1970s suede mini skirt; Chinese embroidered satin wrap; 1960s deadstock Crimplene mini dress; 1980s hippy tunic; 1960s St Michael Young Miss cotton mini dress; Vintage silk cheong-san; 1960s Claude Amos mini; 1960s suede mini skirt; 1960s suede mini skirt.
Needless to say, the Kinky shed is bursting at the seams!

Right, I'm off to Wetherspoons in my new old dress shortly, putting a whole new spin on the saying, taking the recycling out.

See you soon!

Wednesday 15 May 2019

Road Tripping - The Medieval Streets of Tewkesbury

A few years ago we traded at a festival held on the riverbank opposite Tewkesbury Abbey (HERE) and said that we'd have to cross the river and explore the town but never got round to it, that's until a friend shared a photo on Instagram of an amazing trompe l'oeil decorated door. That was just the push I needed, I can resist anything but a fancy doorway so today, we finally went to Tewkesbury.

 Situated in the county of Gloucestershire in the gorgeous area known as the Cotswolds, the Medieval town of Tewkesbury is just an hour's drive from Walsall (I know, it's so close, why on earth hadn't we been before?) The town stands on the confluence of the Rivers Severn and Avon and the name comes from Theoc, a Saxon who founded a hermitage here in the 7th Century.

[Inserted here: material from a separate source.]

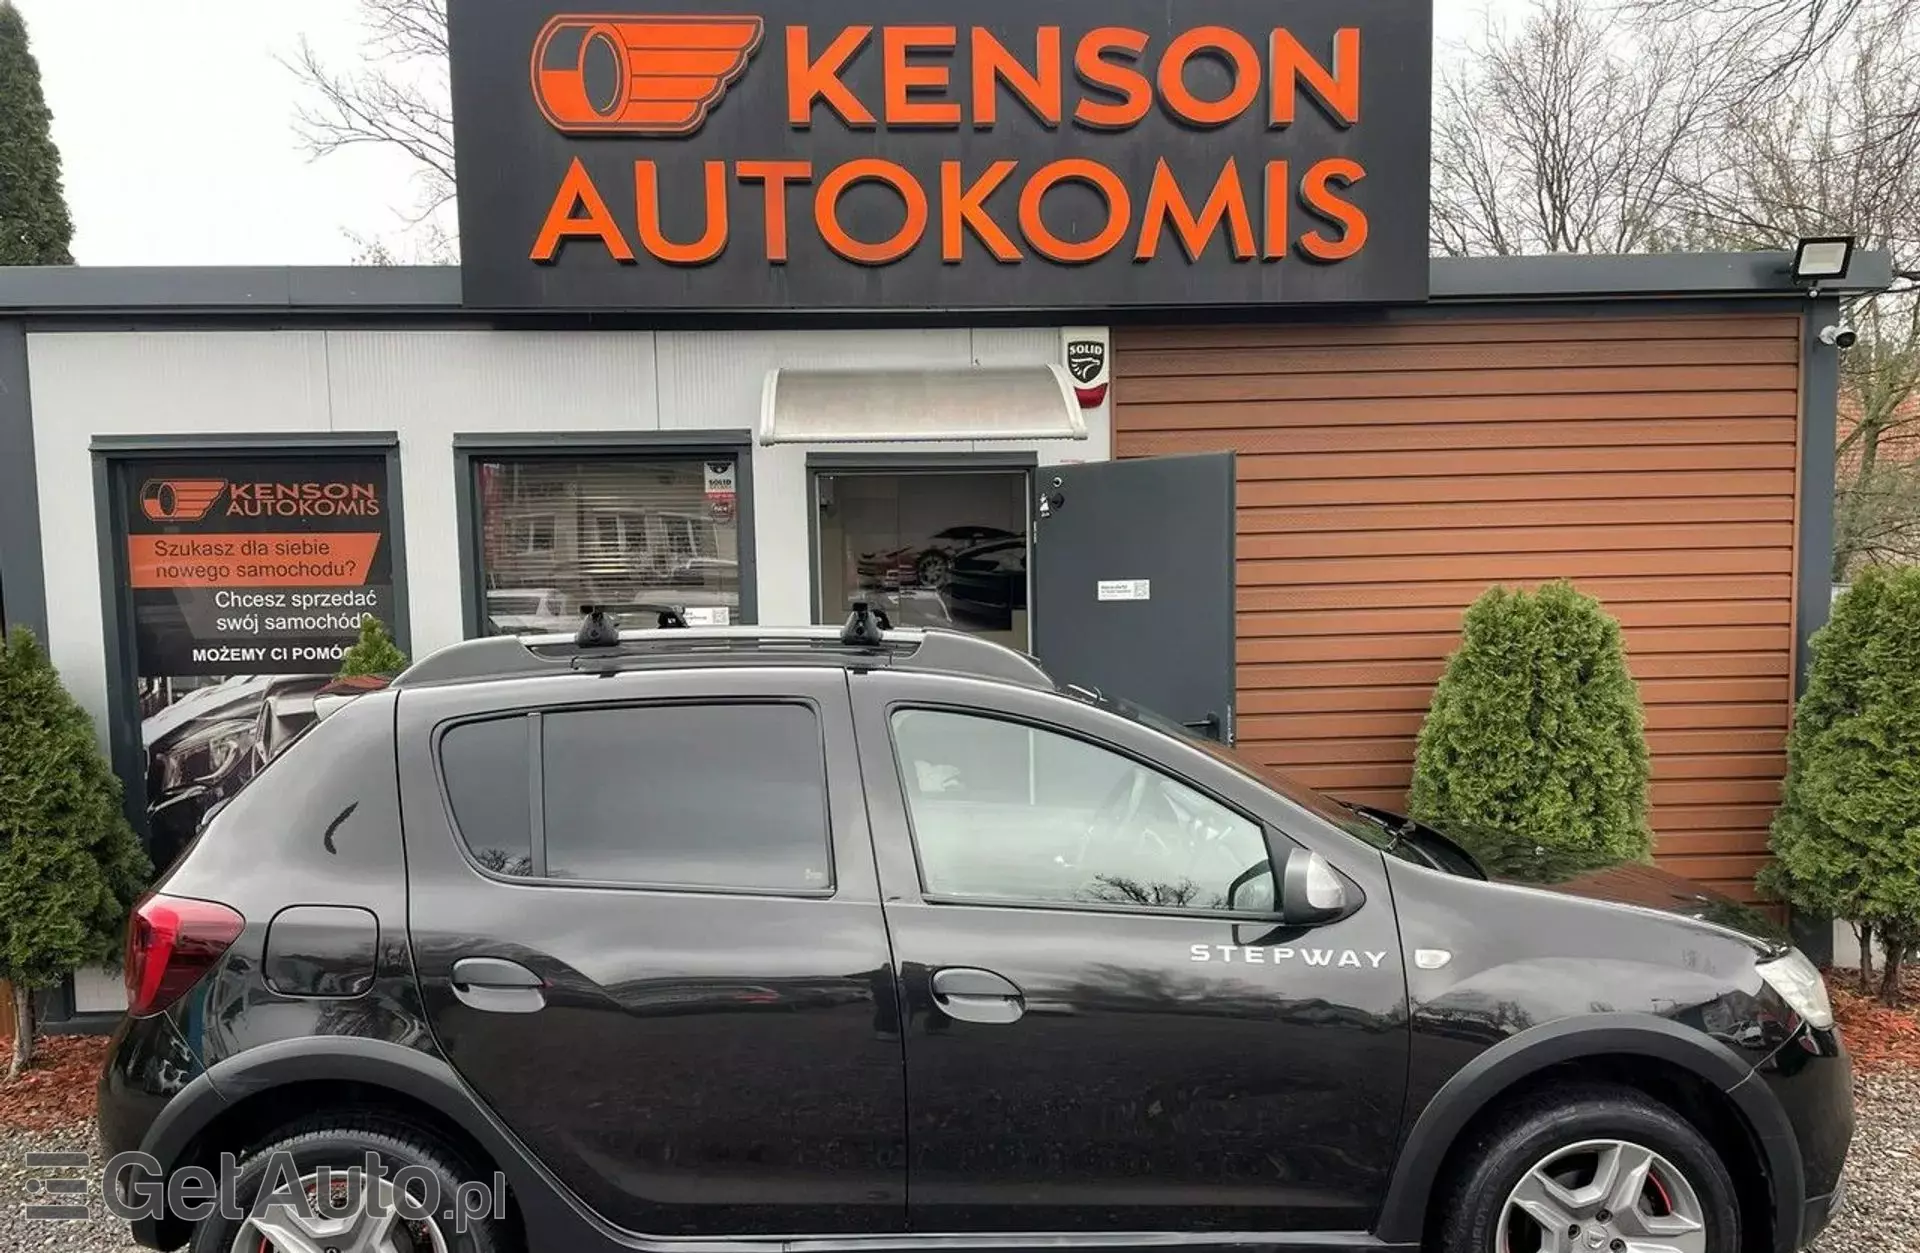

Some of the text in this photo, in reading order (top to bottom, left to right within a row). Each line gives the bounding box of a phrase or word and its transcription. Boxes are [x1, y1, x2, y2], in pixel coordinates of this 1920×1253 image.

The Battle of Tewkesbury, on 4th May 1471 was one of the decisive battles of the Wars of the Roses. 

Tewkesbury is crammed with fine Tudor buildings and is deservedly popular with tourists.

The Wheatsheaf (above) was built in 1500 and was used as a pub until 1956.

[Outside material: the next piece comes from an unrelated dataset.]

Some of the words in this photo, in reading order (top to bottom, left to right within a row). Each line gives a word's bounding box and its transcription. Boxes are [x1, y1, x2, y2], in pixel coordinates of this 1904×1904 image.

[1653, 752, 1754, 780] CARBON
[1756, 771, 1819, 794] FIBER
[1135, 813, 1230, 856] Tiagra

The age of this old inn (now a hairdressers) speaks for itself.

The Ancient Grudge Inn (now an estate agent) was built in 1471, the name refers to the enmity between the houses of York & Lancaster, the cause of the Battle of Tewkesbury.

Tewkesbury is famed for these little alleyways. They're all so enticing.

The tourist information centre is situated in a building built in 1694. The beadle's hat suspended from the first floor is a leftover from when the building was used as a hat shop.

Oh dear, my underskirt's showing - the shame!

A relic from the War of the Roses?

Historic inn, the Royal Hop Pole is now run by Wetherspoons and was mentioned by Charles Dickens in the Pickwick Papers. When the new owners were refurbishing it they uncovered the remains of a previously forgotten Medieval dining hall.

It would have been rude not to partake in a spot of lunch and a beer or two in the sunshine (lager shandy for the driver). 

Planting inspiration - I need a whopping great clump of Irises outside Stonecroft.

Built in Norman times, Tewkesbury Abbey is the town's major claim to fame. Originally part of a monastery, it was saved from Henry VIII's dissolution of the monasteries after being bought by the townspeople for the price of the lead on the roof.  The church has the tallest Norman tower still in existence.

I'm fascinated by these remembrance plaques. The one on the left honoured a 34 year-old man who'd drowned in a shipwreck off the coast of Ceylon in 1806.

WEARING: Vintage 70s Mexican cotton dress (birthday present from Curtise, 2016), Lotta, Stockholm clogs and a 1970s straw bag by Dolcis (charity shopped last week)

Replay Vintage was lovely, the owner greeted us with a smile and the prices were very reasonable. Did we buy anything? No! We'd already found loads of vintage treasure in Tewkesbury's charity shops.  From Edwardian granddad shirts, groovy dagger collar shirts, a reworked sari with bastard massive sleeves & a 1970s sailor collar raincoat to some incredible cotton dresses including an orange maxi with sleeves so good I nearly passed out when I found it! 

Historic buildings, brilliant charity shops and a posh 'Spoons. I think we need to visit more often!

Thanks for the well wishes, Gilbert didn't pass his MOT (luckily we've got more than one vehicle) but the bits that need doing aren't too complicated, Jon should have him fixed for his retest on Friday....I'll keep you posted.

Linking to Patti & the gang for Visible Monday.